Next increase the magnification to an exit pupil of roughly de = 1 to 2 and defocus the star until 3 to 5 diffraction rings are visible inside the image disk. In refractors defocusing either in or out will produce an identical image. In SCTs, if you rack the focus toward the objective and away from your eye (in the intrafocal direction), the secondary shadow will appear more pronounced (C). This is generally more useful at lower magnifications. If you rack the focus away from the objective and toward your eye (in the extrafocal direction), typically the central Poisson spot will appear more clearly (D). This is generally more accurate at higher magnifications. (SCT owners using the mirror adjustment focuser should note the SCT focusing procedure described below.) Either way, adjust the collimation in the direction of the widest or faintest part of the defocused star image.
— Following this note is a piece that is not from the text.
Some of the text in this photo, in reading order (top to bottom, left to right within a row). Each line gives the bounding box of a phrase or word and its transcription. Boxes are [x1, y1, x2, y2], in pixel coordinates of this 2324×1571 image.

An important guide at this stage, rarely described in collimation guides, is a perfectly even appearance in the inner rings all around the defocused image. Even if the secondary shadow or Poisson spot appears centered, an off center collimation will cause the rings to appear compressed or widened on opposite sides, as illustrated in the two images (below). The side where the rings appear maximally spaced, or where a larger number of separate rings are visible, or the rings are least illuminated, is the "wide" side that indicates the direction of the collimation adjustment.
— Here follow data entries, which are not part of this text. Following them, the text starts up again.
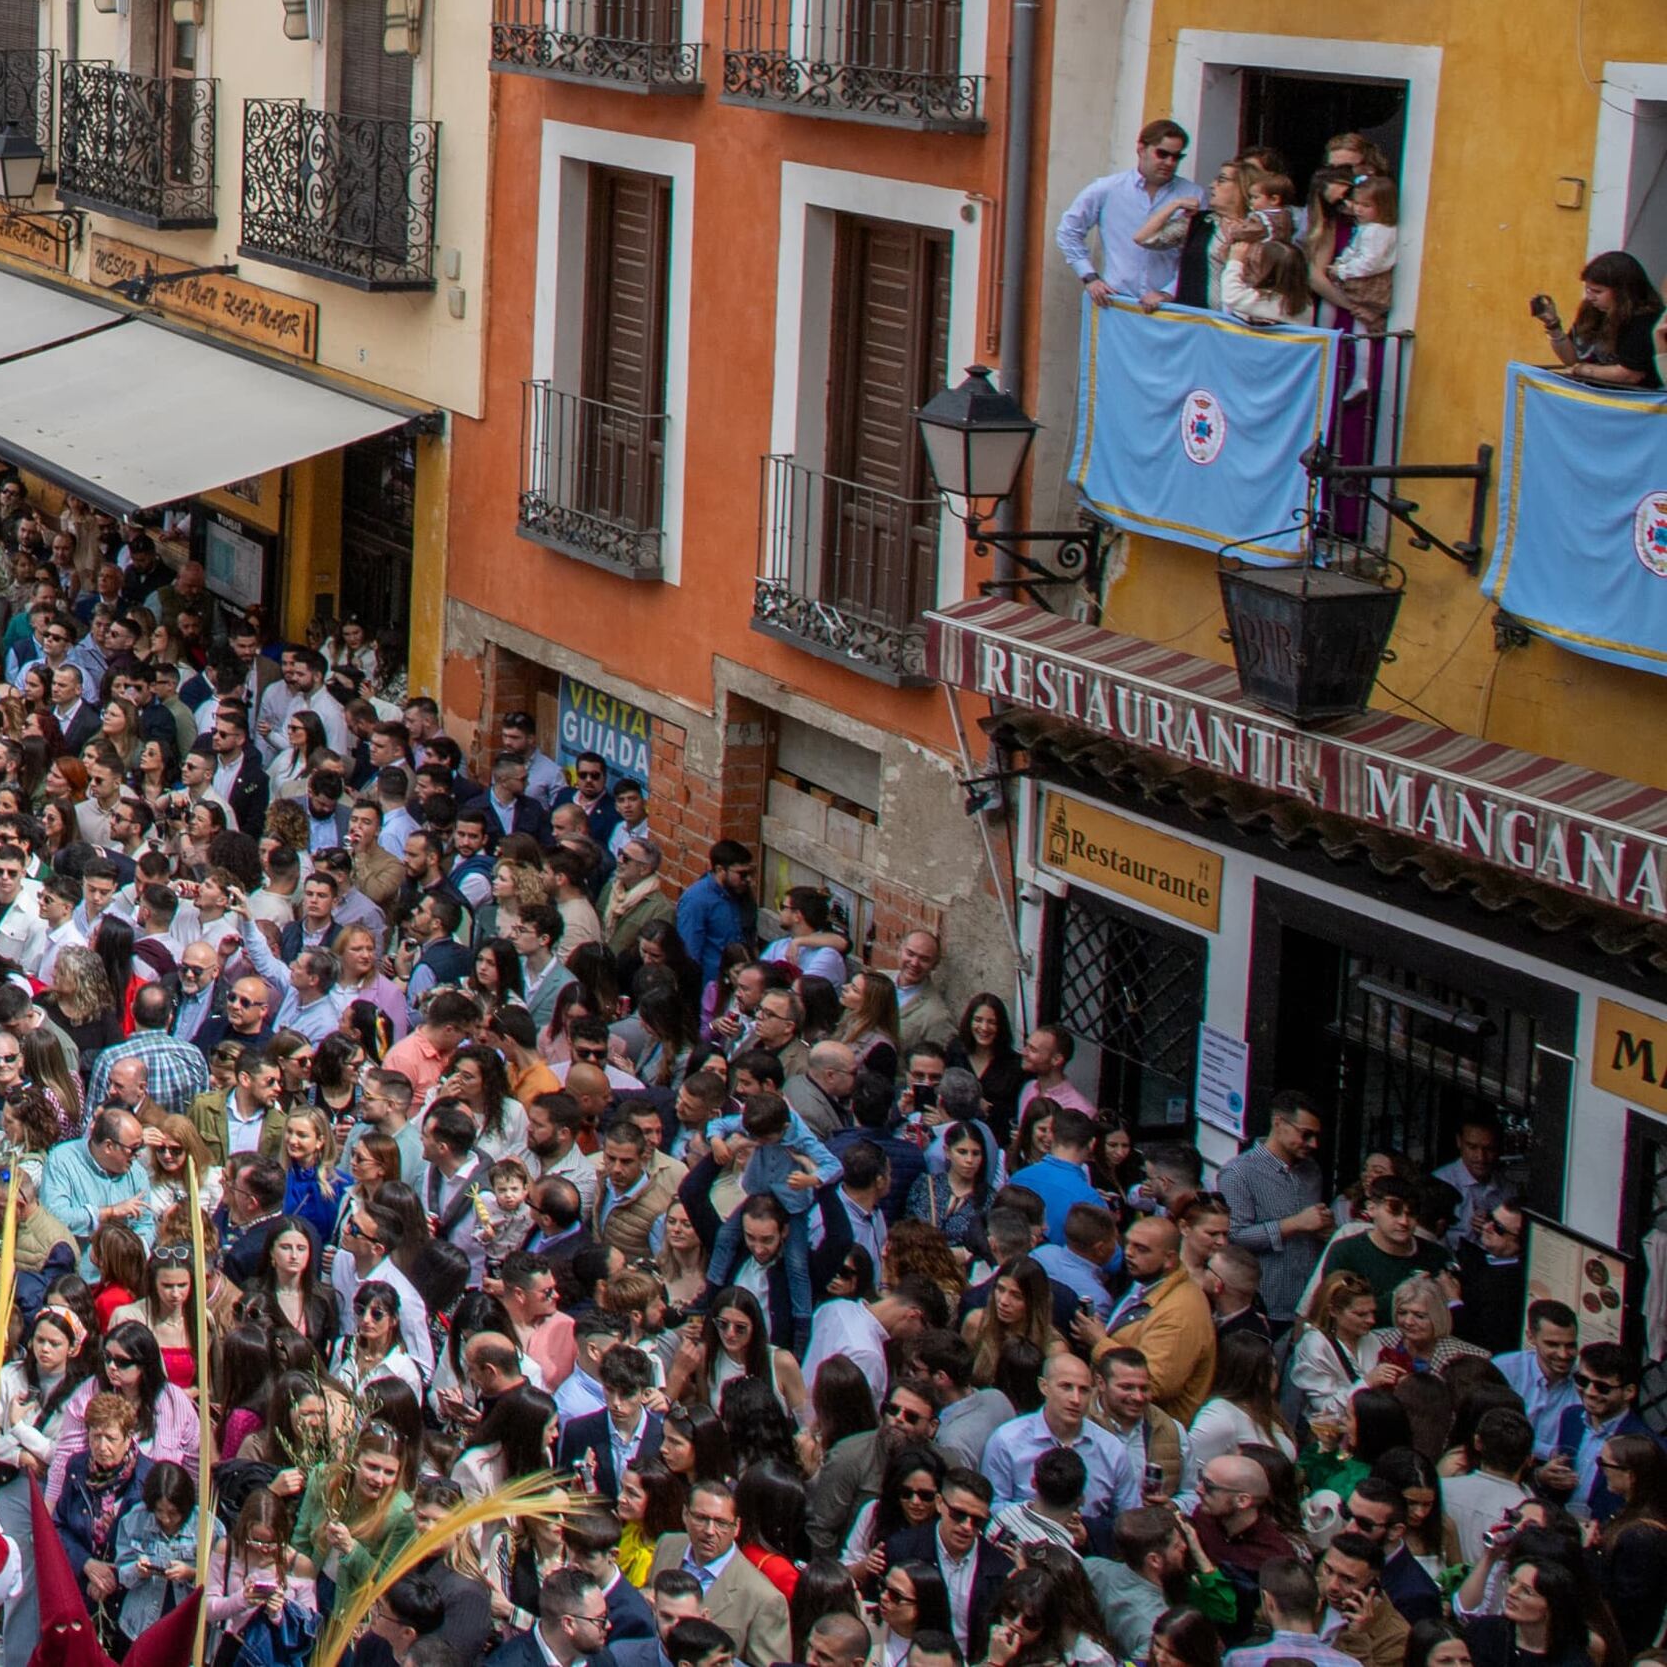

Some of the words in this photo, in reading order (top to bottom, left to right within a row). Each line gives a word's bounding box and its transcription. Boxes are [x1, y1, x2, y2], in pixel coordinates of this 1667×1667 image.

[258, 301, 301, 338] MAYOR
[563, 710, 649, 777] GUIADA
[569, 681, 647, 740] VISITA
[980, 642, 1309, 798] RESTAURANTE
[1366, 765, 1667, 914] MANGANA
[1070, 828, 1210, 908] Restaurante
End the procedure using a magnification high enough to clearly reveal the Airy disk and first diffraction ring (E). Defocus the star only until the outer, brightest ring appears around the Poisson spot: the spot should be exactly centered and the ring equally bright all around. Then focus the star and examine the first diffraction ring around the Airy disk. Good seeing is required to get this far, but when the opportunity presents examine the star diffraction artifact to ensure the diffraction ring is equally bright on all sides. If not, make the adjustment as shown in the diagram.
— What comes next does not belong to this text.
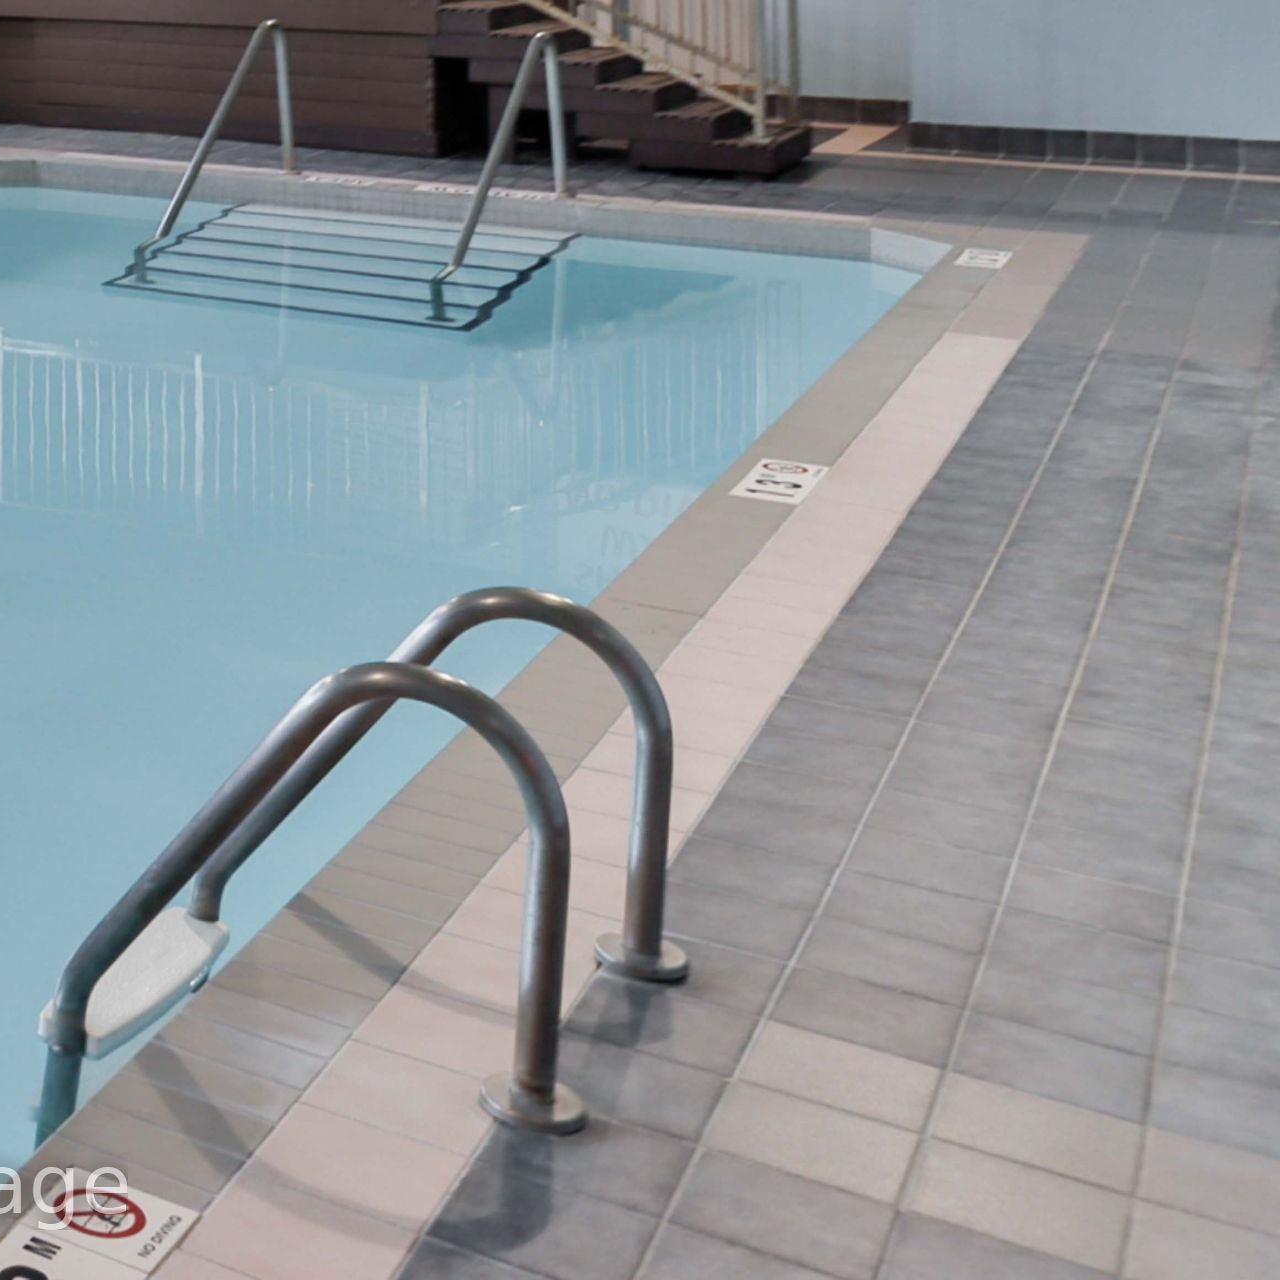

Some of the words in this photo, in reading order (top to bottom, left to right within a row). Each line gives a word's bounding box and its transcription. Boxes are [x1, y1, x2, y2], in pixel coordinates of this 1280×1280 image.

If the seeing is less than ideal, examine the focused image of a first magnitude star. Tiny threadlike granules will be visible in the flare or glare around the star image. These prismatic granules should appear to radiate away from the star image equally on all sides. Note that they will be quite sensitive to the location of your eye pupil, which must be exactly centered on the exit pupil. (This is easiest to judge when the eyepiece field edge is clearly visible on all sides, so an eyepiece with a ~50° AFOV is helpful.) If the eye pupil is centered, then the shimmering filaments can be used to judge the last refinements in the collimation.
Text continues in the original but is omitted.